L’objectif est de développer la technologie BABots, et de démontrer son utilité et sa sécurité dans un cadre éthique et réglementaire rigoureux. Le premier système BABots sera mis en œuvre au sein du C. elegans, un ver nématode de 1 mm de long. Un groupe de nématodes sera programmé pour coordonner leurs actions, détecter et éliminer des agents pathogènes. Ce scénario sera exclusivement étudié dans une boîte de Petri. Toutefois, le projet a pour ambition de tester l’efficacité de la technologie BABots aussi dans un environnement naturel comme celui confiné de l’agriculture verticale. 

• La neurobiologie et la biologie synthétique. Il s’agira de concevoir et construire des vers transgéniques biosécurisés de type C. elegans.
• L’intelligence en essaim et la dynamique des populations. Les chercheurs vont étudier le comportement individuel et collectif des Babots, tant sur le plan théorique qu'expérimental. L’objectif est de pouvoir déterminer comment programmer le comportement des BABots et comment composer les populations.
• L’Éthique de la technologie. Une équipe va travailler sur la conception d’un cadre éthique et réglementaire solide et efficace pour le développement de la technologie BABots.
• L’agriculture verticale. L’objectif sera de pouvoir fournir un contexte réaliste en vue de la mise en œuvre d'un premier BABots dans un environnement agricole contrôlé et confiné (risque zéro).

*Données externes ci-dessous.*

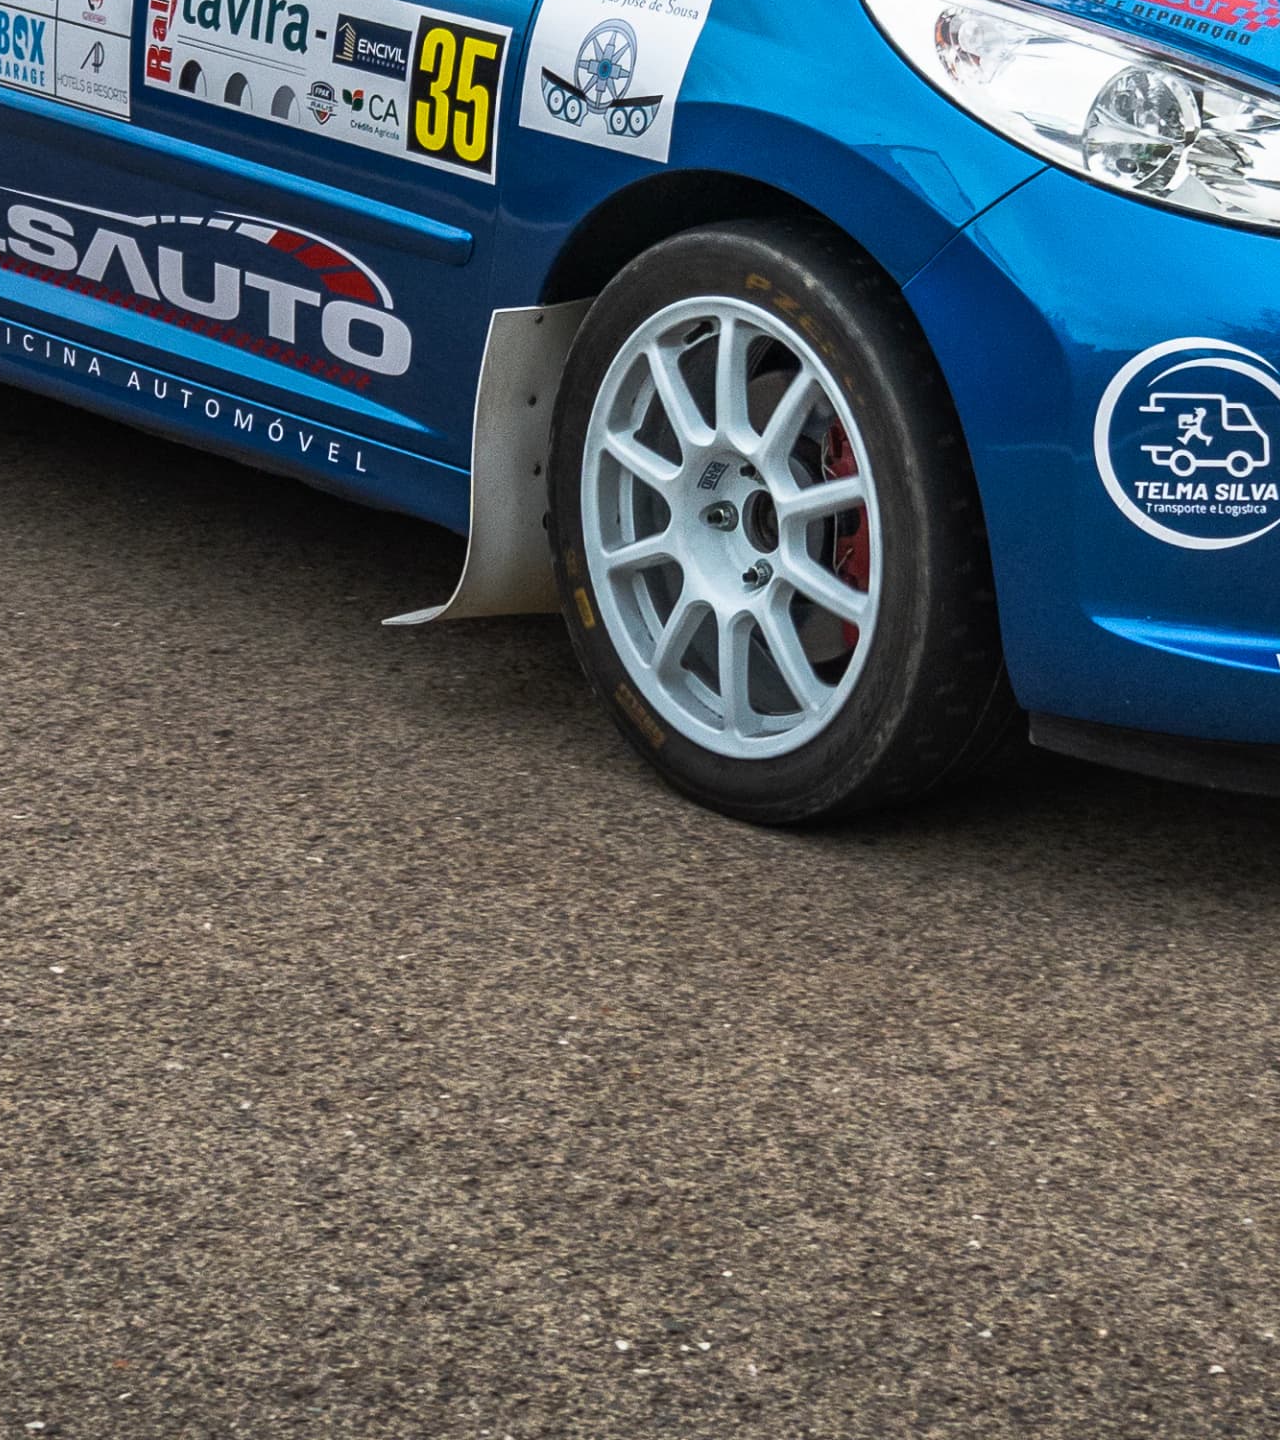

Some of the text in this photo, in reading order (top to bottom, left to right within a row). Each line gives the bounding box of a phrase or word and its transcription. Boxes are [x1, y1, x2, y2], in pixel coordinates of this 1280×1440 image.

[357, 38, 406, 64] ENCIVIL
[414, 27, 498, 163] 35
[368, 94, 400, 127] CA
[126, 368, 368, 474] AUTOMÓVEL
[1134, 480, 1279, 502] TELMA SILVA
[1145, 502, 1207, 516] Transporte
[1209, 506, 1217, 514] e
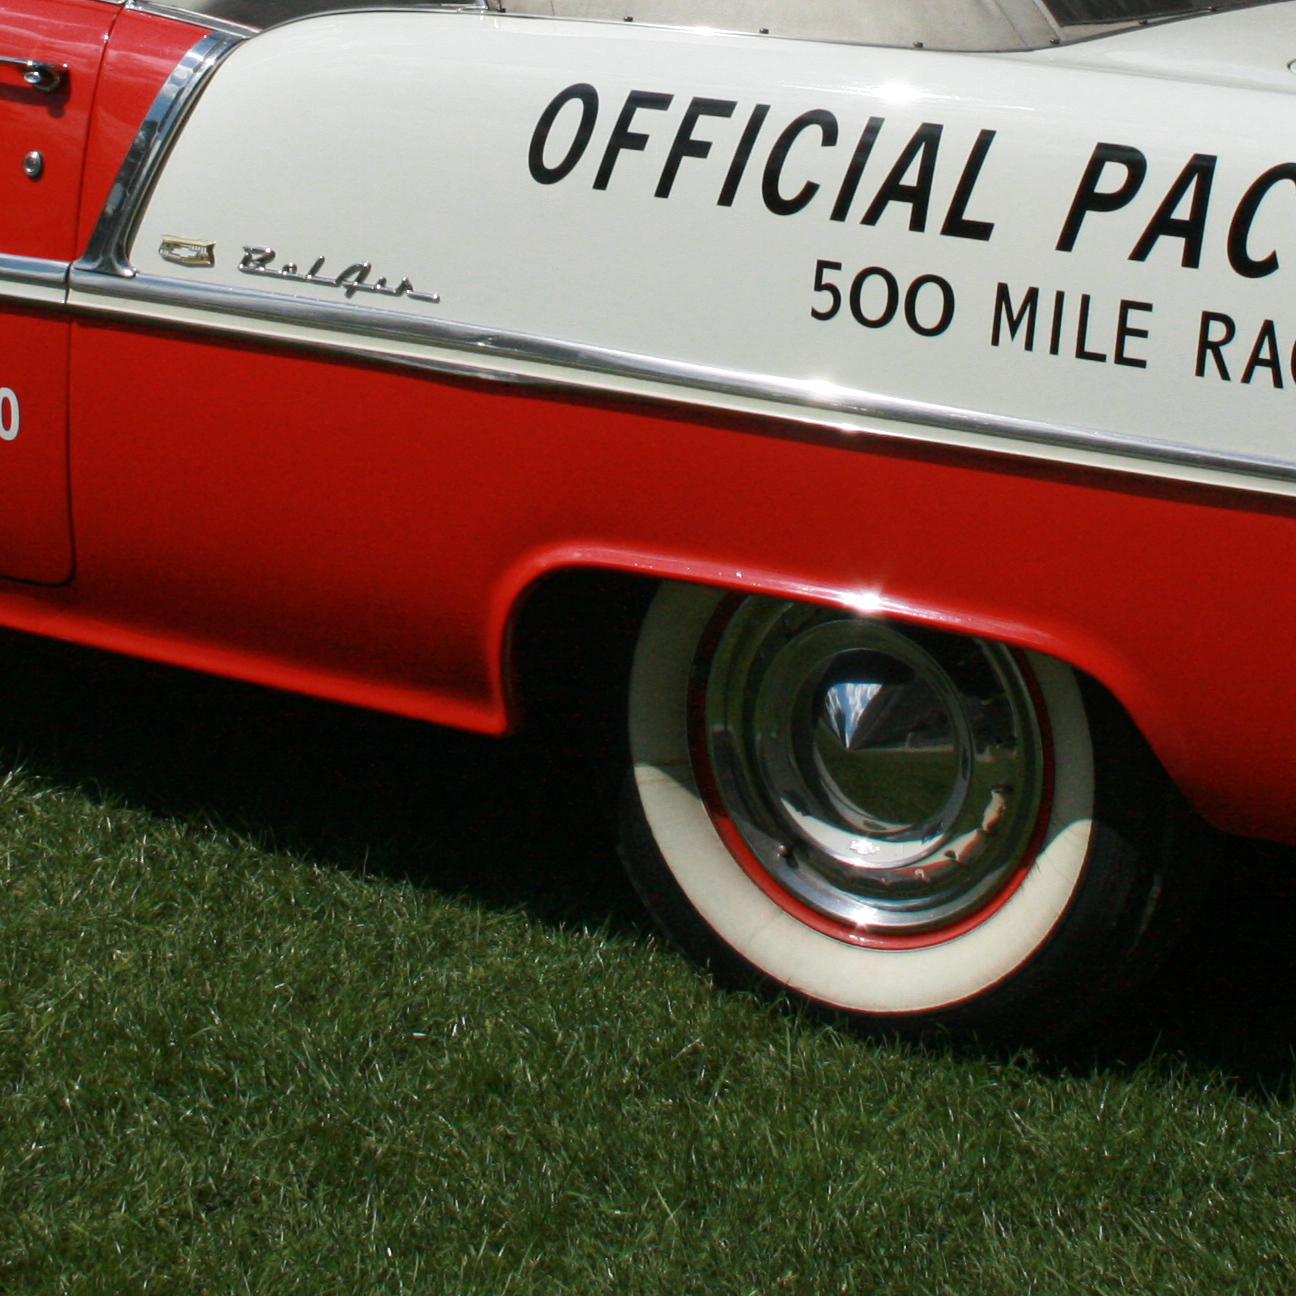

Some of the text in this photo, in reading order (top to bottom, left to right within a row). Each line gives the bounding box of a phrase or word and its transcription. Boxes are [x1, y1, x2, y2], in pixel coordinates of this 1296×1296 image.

[528, 83, 997, 242] OFFICIAL
[810, 259, 956, 337] 500
[990, 281, 1154, 369] MILE
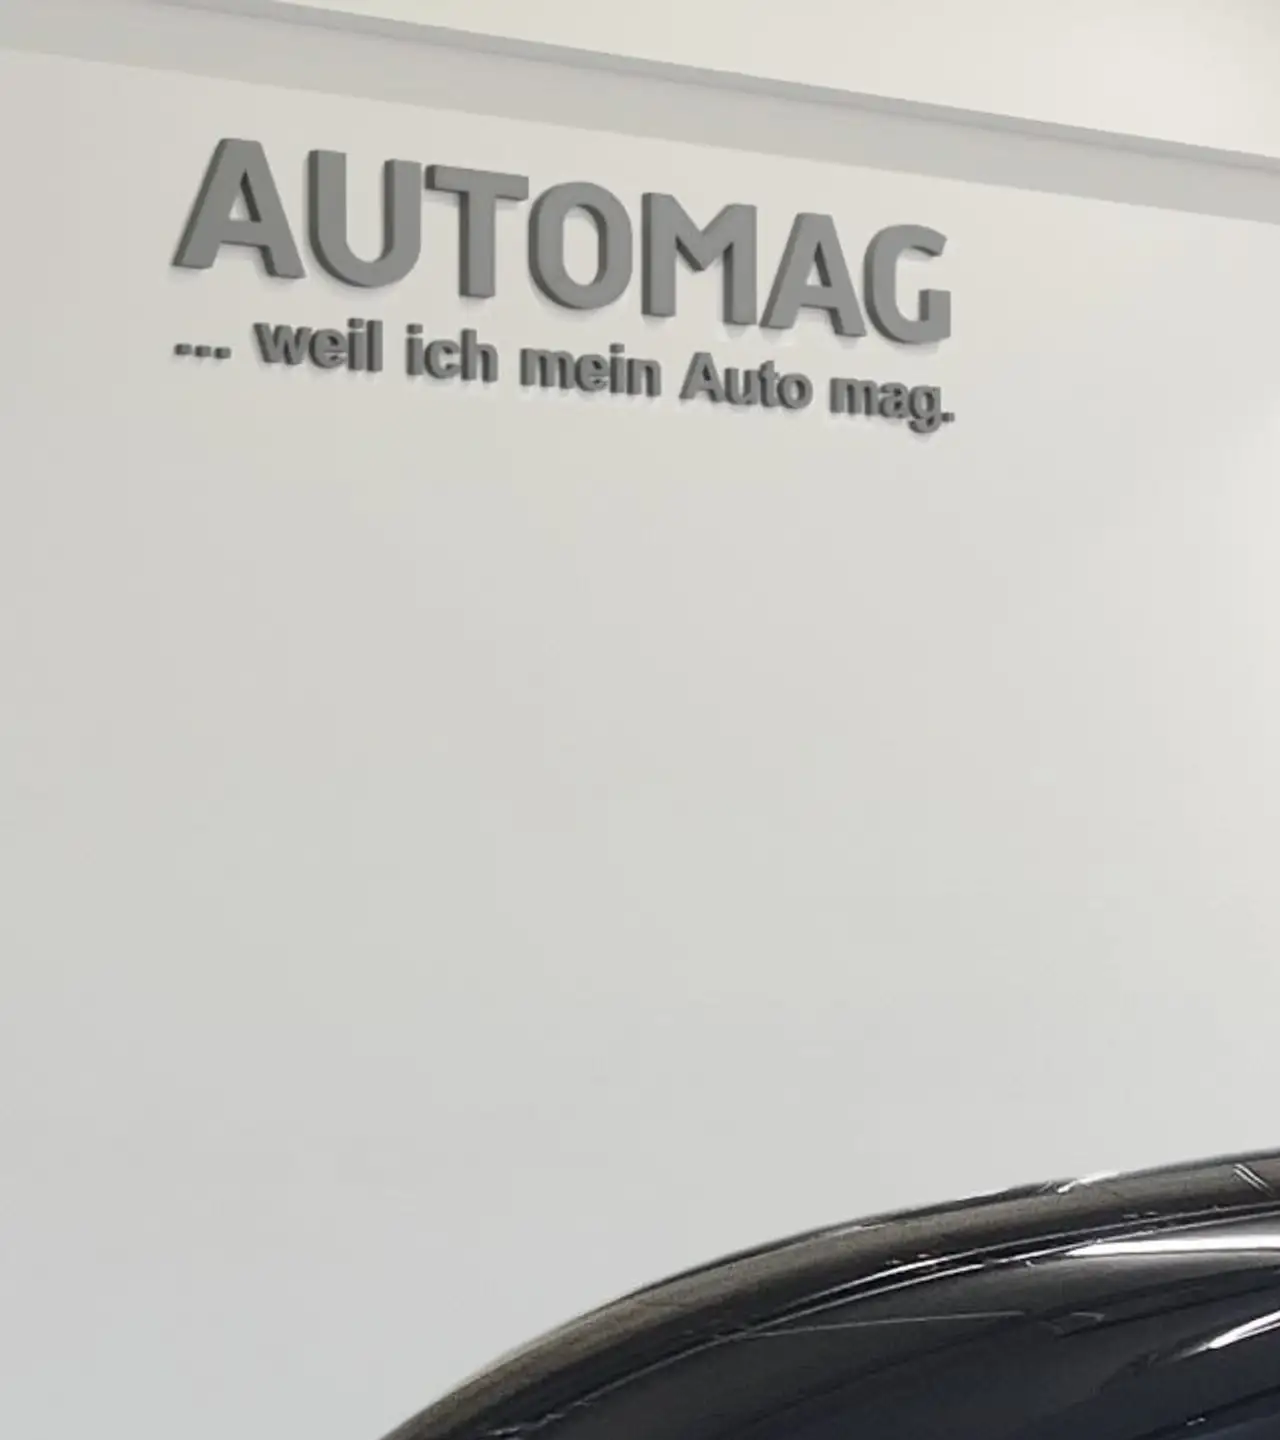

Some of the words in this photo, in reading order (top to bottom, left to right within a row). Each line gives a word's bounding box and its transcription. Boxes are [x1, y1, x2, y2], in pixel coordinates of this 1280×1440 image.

[172, 138, 951, 344] AUTOMAG
[252, 318, 383, 372] weil
[405, 324, 498, 382] ich
[519, 344, 662, 396] mein
[679, 352, 813, 409] Auto
[829, 377, 955, 433] mag.
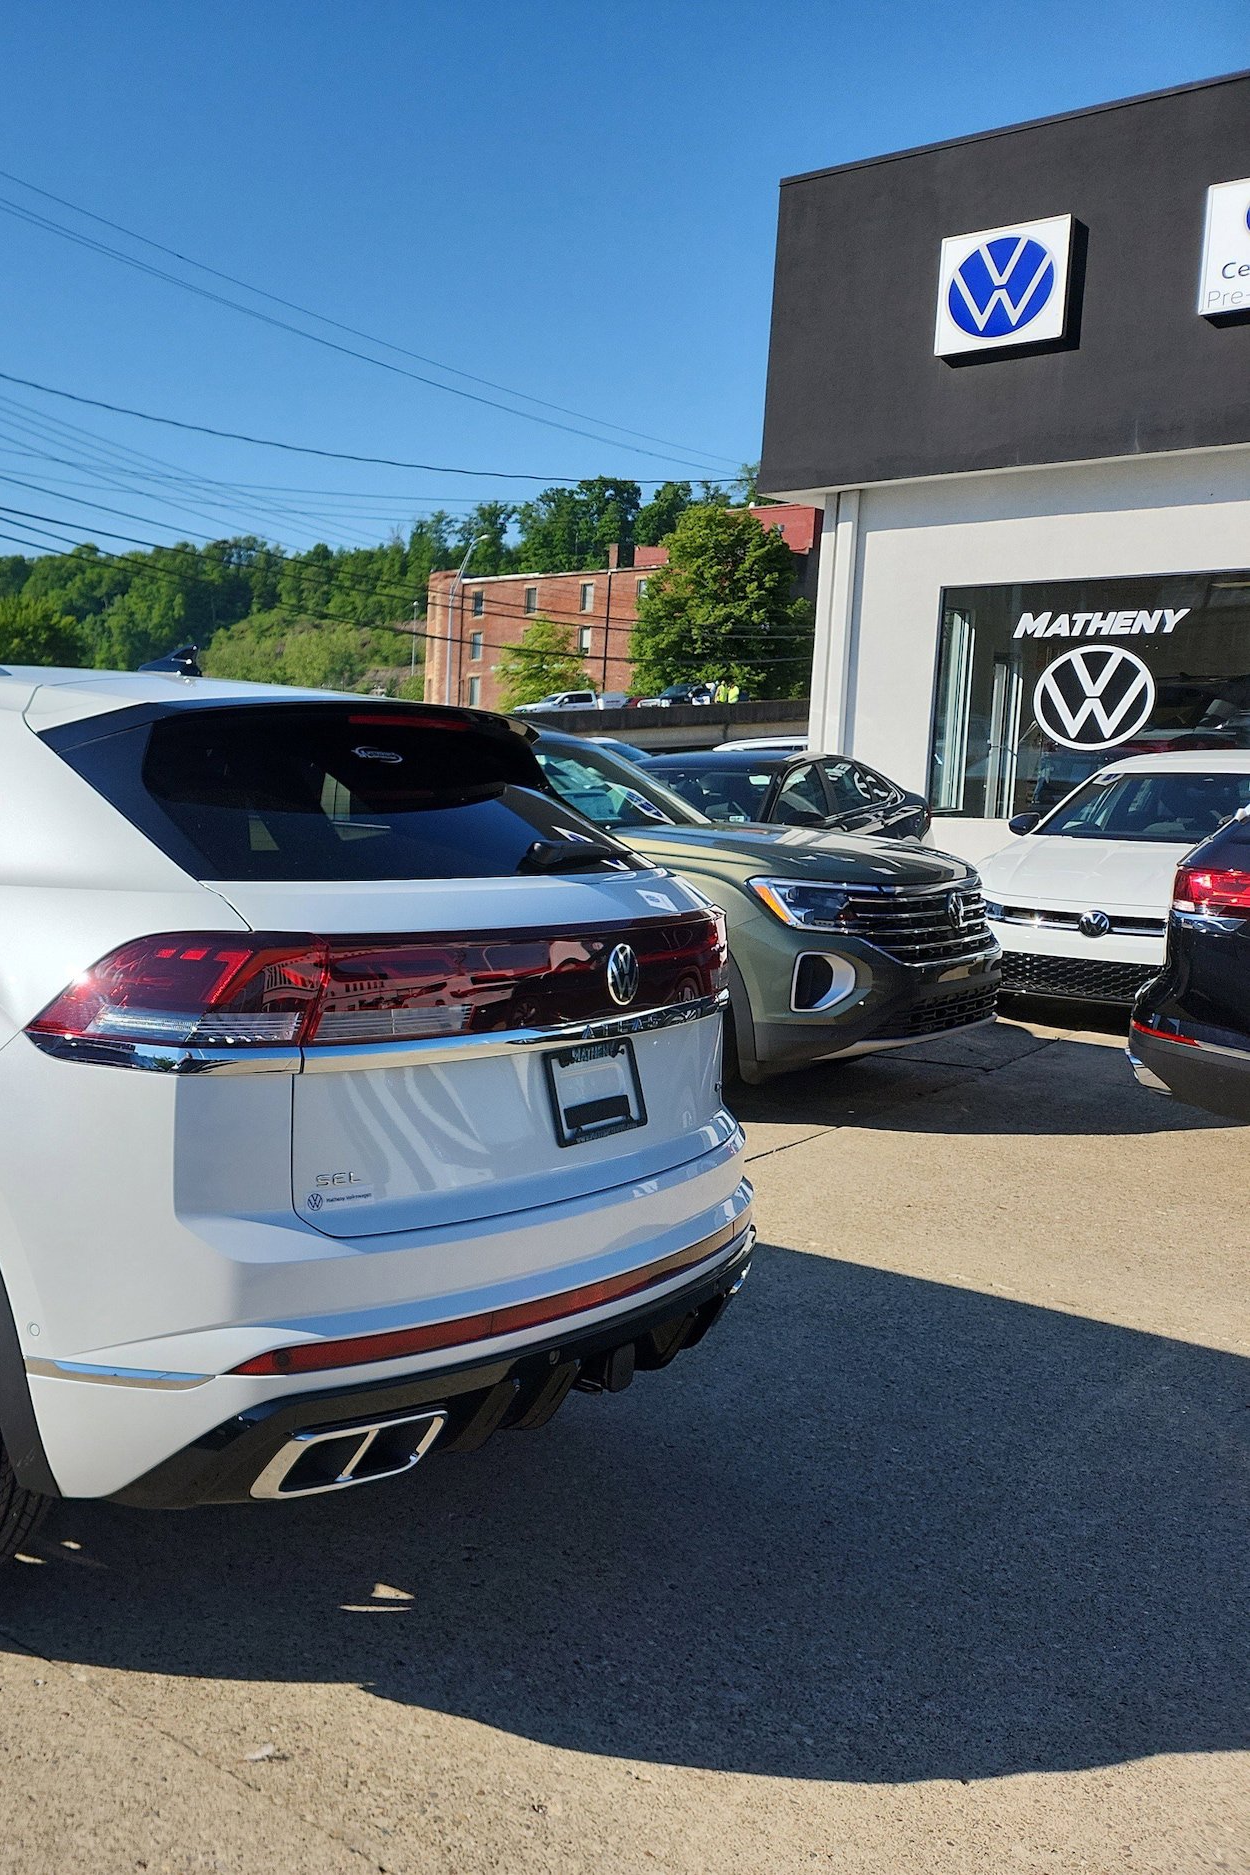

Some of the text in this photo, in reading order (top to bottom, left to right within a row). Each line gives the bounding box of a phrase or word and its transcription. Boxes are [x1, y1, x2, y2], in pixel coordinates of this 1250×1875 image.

[947, 234, 1056, 338] VW
[1012, 608, 1192, 639] MATHENY
[1035, 646, 1153, 748] VW
[315, 1171, 362, 1187] SEL

Strictement encadrée, la modification génétique est une pratique courante dans la recherche fondamentale et est de plus en plus utilisée dans diverses applications. Par exemple, certains poissons sont conçus pour devenir fluorescents lorsqu'ils rencontrent des polluants. La nouveauté essentielle qui distingue les BABots des simples animaux transgéniques est qu'ils seront actifs et autonomes et qu'ils produiront les réponses complexes souhaitées en fonction des situations. Au lieu de se contenter de signaler la présence d'une substance cible, ils agiront pour l'éliminer de manière efficace.

Si la technologie robotique actuelle joue un rôle important et croissant dans de nombreux domaines, elle présente certaines limites, que les BABots pourraient contourner. D’une part, les BABots feront preuve d'une sensibilité, d'une agilité et d'une compatibilité supérieures dans divers environnements biologiques à plusieurs échelles, grâce à leurs capteurs et actionneurs biologiques très évolués. D’autre part, ils présentent un haut degré de flexibilité et de sophistication, grâce à leur programmation au niveau des réseaux neuronaux biologiques. Enfin, ils seront faciles à fabriquer, à alimenter, à recycler et finalement à dégrader, car ils peuvent s'auto-répliquer et sont entièrement organiques.

Une attention particulière sera accordée au public afin de le sensibiliser aux opportunités ainsi qu'aux risques calculés que comportent les BABots. À cette fin, de multiples activités de démonstration et d'éducation seront menées, tels que des événements grand public où des discussions constructives ouvertes et des séances de réflexion sur les questions d'éthique et d'acceptabilité sociale liées aux objectifs du projet seront proposées.

Ce projet a reçu un financement du programme de travail du Conseil européen de l'innovation Horizon Europe - EIC PathFinder, dans le cadre de la convention Project 101098722 — BABots.